• **Source records**:
|---|

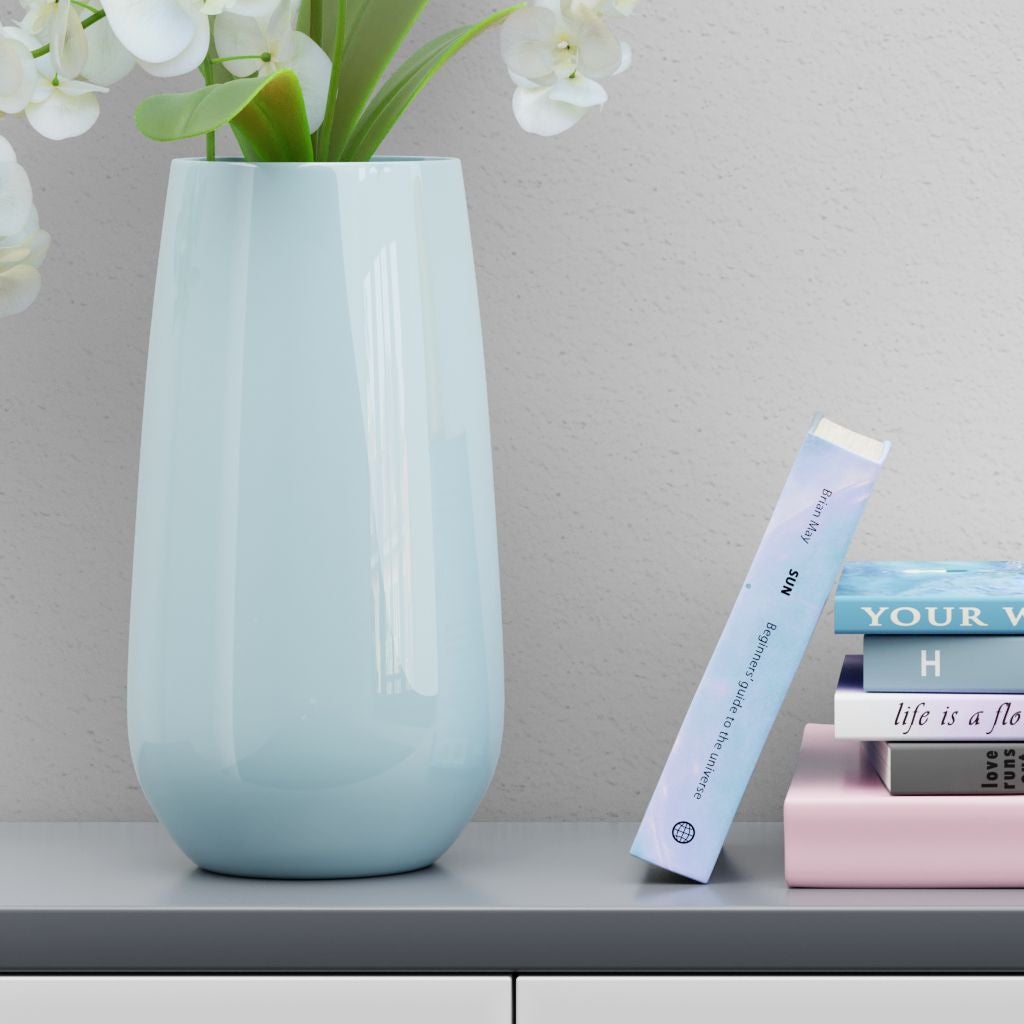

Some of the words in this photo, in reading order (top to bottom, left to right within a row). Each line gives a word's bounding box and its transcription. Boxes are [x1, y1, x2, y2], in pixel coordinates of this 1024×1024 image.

[812, 488, 832, 518] Brian
[800, 519, 819, 544] May
[781, 568, 799, 596] SUN
[860, 606, 988, 627] YOUR
[729, 680, 749, 714] guide
[723, 716, 735, 728] to
[894, 702, 930, 734] life
[941, 706, 958, 726] is
[968, 709, 984, 726] a
[714, 731, 729, 750] the
[694, 752, 719, 800] universe
[981, 750, 998, 788] love
[1004, 748, 1016, 789] runs

|---|

• **Exercise**: For the material above, give every line again exactly and leave out the pictures.

• **Task result**:
Some of the words in this photo, in reading order (top to bottom, left to right within a row). Each line gives a word's bounding box and its transcription. Boxes are [x1, y1, x2, y2], in pixel coordinates of this 1024×1024 image.

[812, 488, 832, 518] Brian
[800, 519, 819, 544] May
[781, 568, 799, 596] SUN
[860, 606, 988, 627] YOUR
[729, 680, 749, 714] guide
[723, 716, 735, 728] to
[894, 702, 930, 734] life
[941, 706, 958, 726] is
[968, 709, 984, 726] a
[714, 731, 729, 750] the
[694, 752, 719, 800] universe
[981, 750, 998, 788] love
[1004, 748, 1016, 789] runs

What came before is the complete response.